BEIRUT -- The widowed Syrian mechanic had a new lease on life after he married his second wife: he enrolled in a high school, graduating at 60. The couple had five children, living in an impoverished quarter of a town in northern Syria.

They all died after a missile smashed into their building overnight in the town of Marea, in all killing 13 people, most of them children, Syrian opposition activists said Tuesday.

That attack was followed hours later by a missile fired at a building in the nearby town of Azaz that killed another 10 people.

The strikes were reported on Tuesday by local activists, said the Britain-based Syrian Observatory for Human Rights and the activist collective, the Aleppo Media Center. They are the latest victims of Syria's civil war and the government's relentless bombing campaign against opposition-held territories in northern Syria.

The story of Mohammed Jafar Saleh, 70, is a human sketch of one of the 162,000 people estimated killed in Syria's civil war, now entering its fourth year.

Saleh's first wife died over 15 years ago, said an activist from Marea who identified himself as Abu al-Hassan.

The man remarried soon after, to a young woman, Mufida Rasoul. She was 40 when she died overnight. Their five children ranged from Abir, 14, to Rahaf, 4, both girls.

Abu al-Hassan said the marriage seemed to revive the man, who had a shop fixing broken car radiators. He enrolled in a school for older students, earning a high school diploma after 10 years instruction, the activist said.

"He wanted to go to university but his grades weren't very good," according to Abu al-Hassan, who said he used to attend annual exams with the man.

Nothing was left of the family.

The severed legs and waist of a boy pulled from the rubble, shown in footage uploaded to social networks by activists, may have belonged to one of the Saleh children. The footage appeared genuine and corresponded with Associated Press reporting of the event.

The 13 dead were mostly children, according a list of their names and ages, distributed by another activist in Marea.

Another two of the slain children, Mohammed, 7, and Usama, 9, were the sons of a school teacher named Hussein Hajj Ali, said Abu al-Hassan.

Video footage showed the school teacher, wild eyed, swaying and moaning as he was bought into a clinic, his arm bandaged. He was weeping for his son Mohammed as medics rushed a blanket-wrapped body past him.

As the medics treated him, he chanted a poem that speaks of the grief of losing a child.

"Death has chosen my middle child. For God's sake how could he choose the best stone of the necklace," Hajj Ali wept, quoting the lines of the poet Ibn al-Roumi, who lived in ninth century Baghdad.

At the time, the teacher did not know he had lost both sons -- his middle son and his youngest -- said Abu al-Hassan, who said he spoke later to medics.

The teacher had avoided politics, fearing the Syrian government would cut his meagre salary if he expressed any support for the uprising against President Bashar Assad, the activist said.

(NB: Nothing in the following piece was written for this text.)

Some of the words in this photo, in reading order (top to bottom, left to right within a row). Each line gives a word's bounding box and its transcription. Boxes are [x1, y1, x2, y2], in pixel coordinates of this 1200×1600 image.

Abu Al-Hassan said he wasn't aware of any fighting in the area, known as Haret Beit Faraj, which lies near an outdoor market. He said the nearest front was 15 miles away (25 kilometres) in the area of Bureij.

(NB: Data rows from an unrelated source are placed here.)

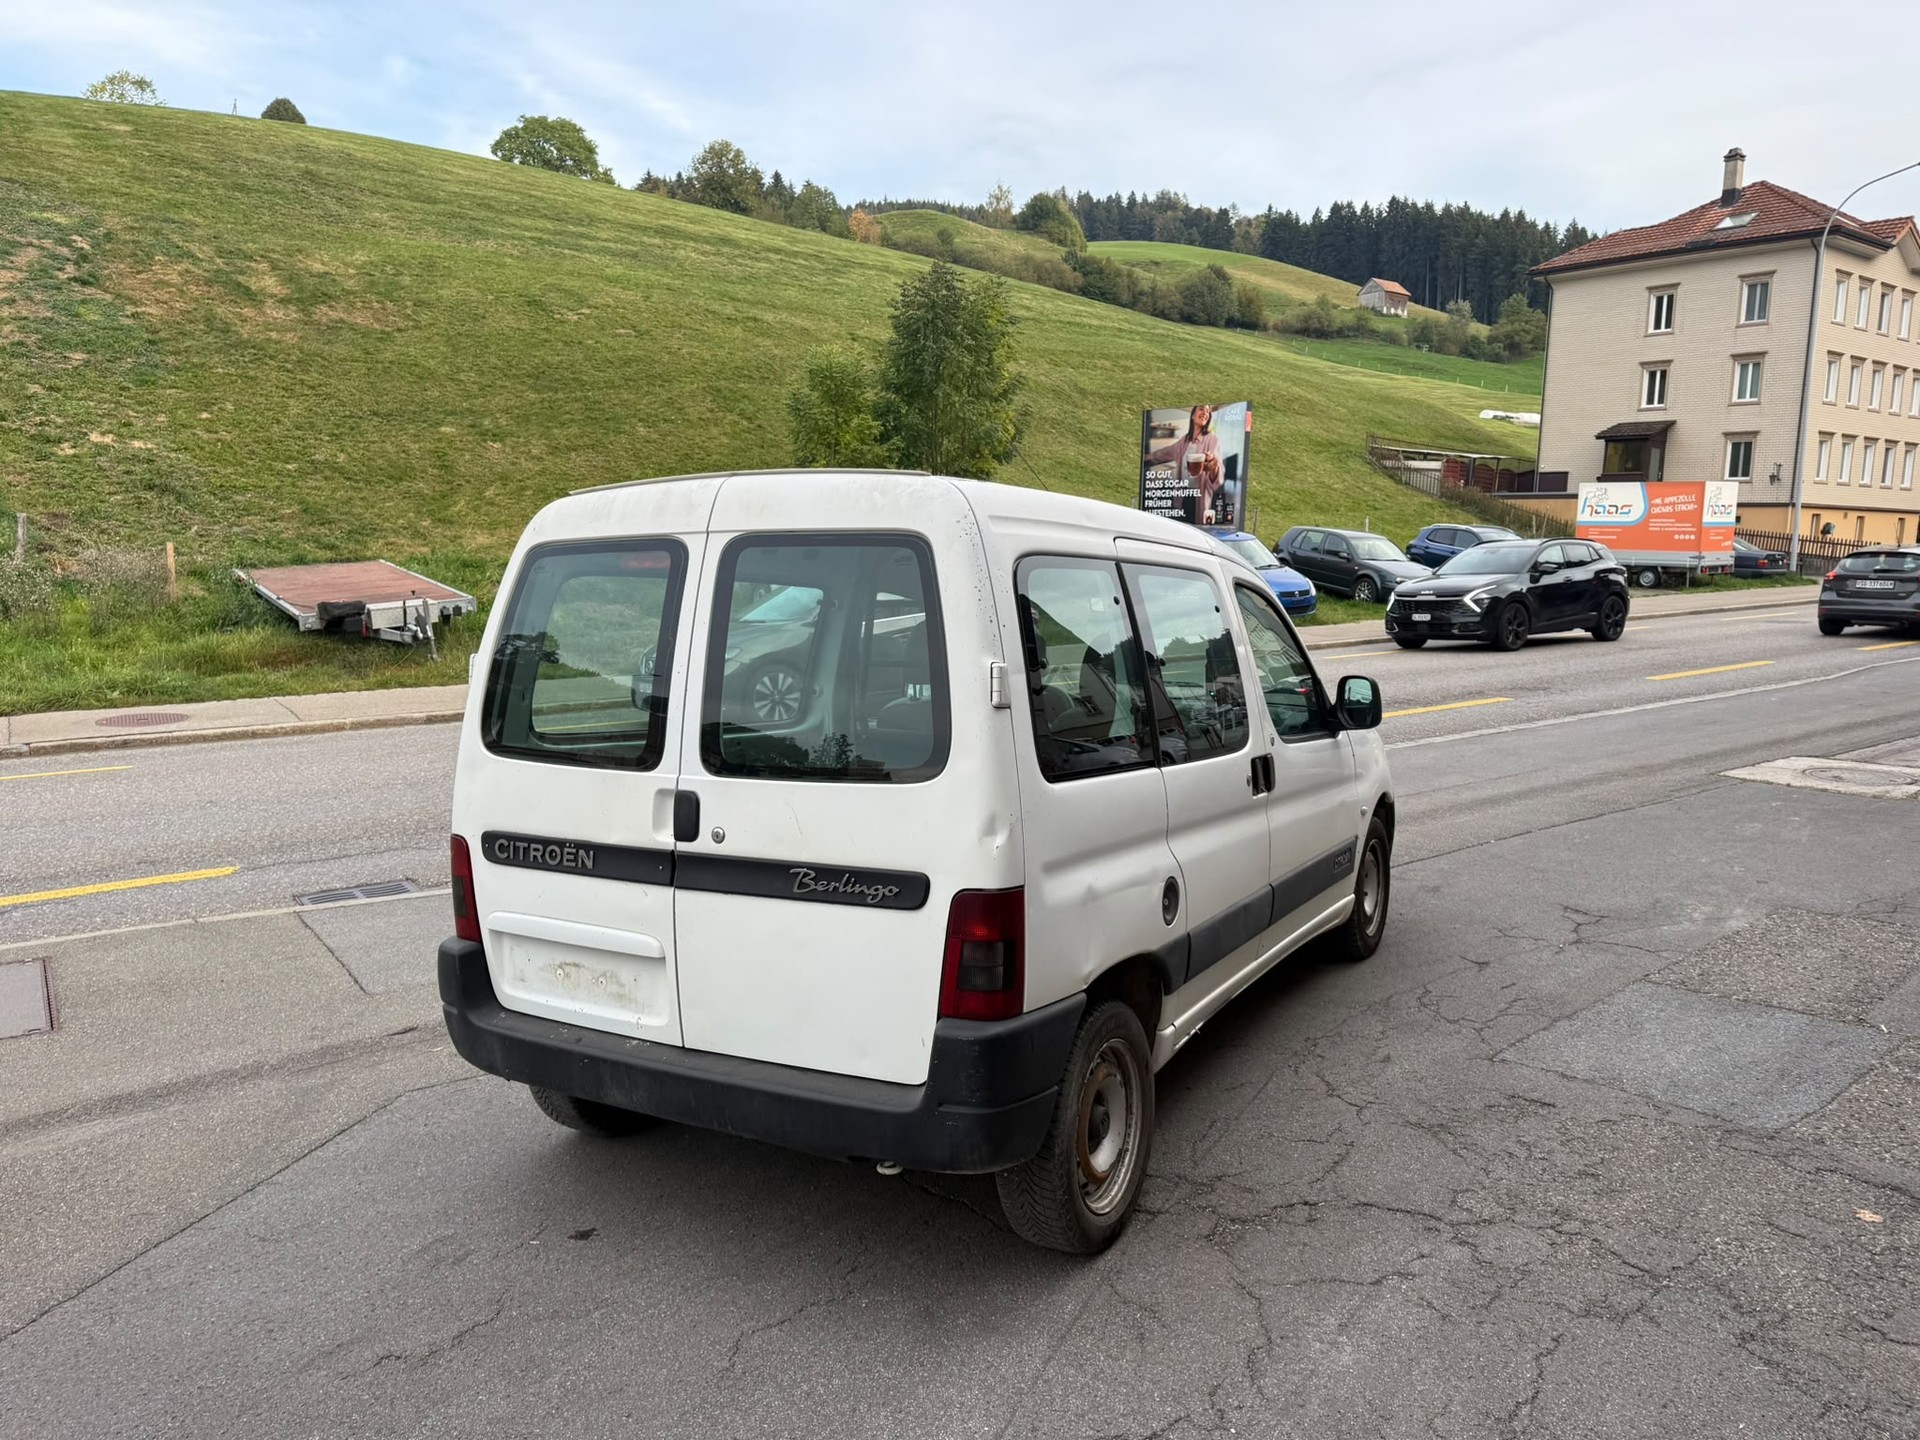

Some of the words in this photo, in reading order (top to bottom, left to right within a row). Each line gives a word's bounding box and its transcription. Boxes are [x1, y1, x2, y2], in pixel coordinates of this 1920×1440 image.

[1145, 471, 1156, 479] SO
[1145, 480, 1163, 488] DASS
[1164, 479, 1189, 488] SOGAR
[1145, 488, 1202, 498] MORGENMUFFEL
[1144, 497, 1172, 508] FRÜHER
[1581, 496, 1633, 517] haas
[495, 839, 594, 870] CITROËN
[789, 868, 899, 903] Berlingo

Rights groups and local activists say Syrian military forces often indiscriminately strike rebel-held areas with projectiles that can't be targeted properly, overwhelmingly killing civilians.

But usually such attacks happen when government forces are trying to clear out a rebel-held area.

Also Tuesday, The joint mission of the U.N. and The Organization for the Prohibition of Chemical Weapons confirmed the destruction of the entire declared Syrian stockpile of a chemical called Isopropanol.

Under a destruction plan approved by the OPCW in November, Syria also was required to destroy its stocks -- estimated at around 100 tons -- of isopropanol, which can be used as an ingredient of sarin.

In a statement, the mission said 7.2 per cent of Syria's chemical weapons material remains in country and awaits swift removal for onward destruction. "The Joint Mission urges the Syrian authorities to undertake this task as soon as possible," it said.

Following a deadly chemical attack outside Damascus in August, the Syrian government averted U.S. airstrikes by agreeing to dismantle its chemical program. The U.N.-OPCW mission overseeing the removal of Assad's chemical arsenal said last week that 92 per cent of Syria's stockpile has been transported to Danish and Norwegian ships for destruction at sea. The entire stockpile is to be purged by the end of June.

In Moscow, Deputy Foreign Minister Gennady Gatilov was quoted as telling news agency Interfax that Russia would veto any U.N. Security Council resolution aimed at sending material about Syrian war crimes to the International Criminal Court.

"The draft submitted to the UN security council is unacceptable and we will not support it. If it is put to a vote, we will veto it," Gatilov said Tuesday. "We have said from the very beginning that we are against such an approach in the Security Council because we consider it to be counterproductive in the current situation."

Gatilov's comments came a day after nearly 60 countries urged the U.N. Security Council to refer the war in Syria to the International Criminal Court for investigation of possible crimes against humanity and war crimes.

Associated Press writer Jim Heintz contributed to this report from Moscow.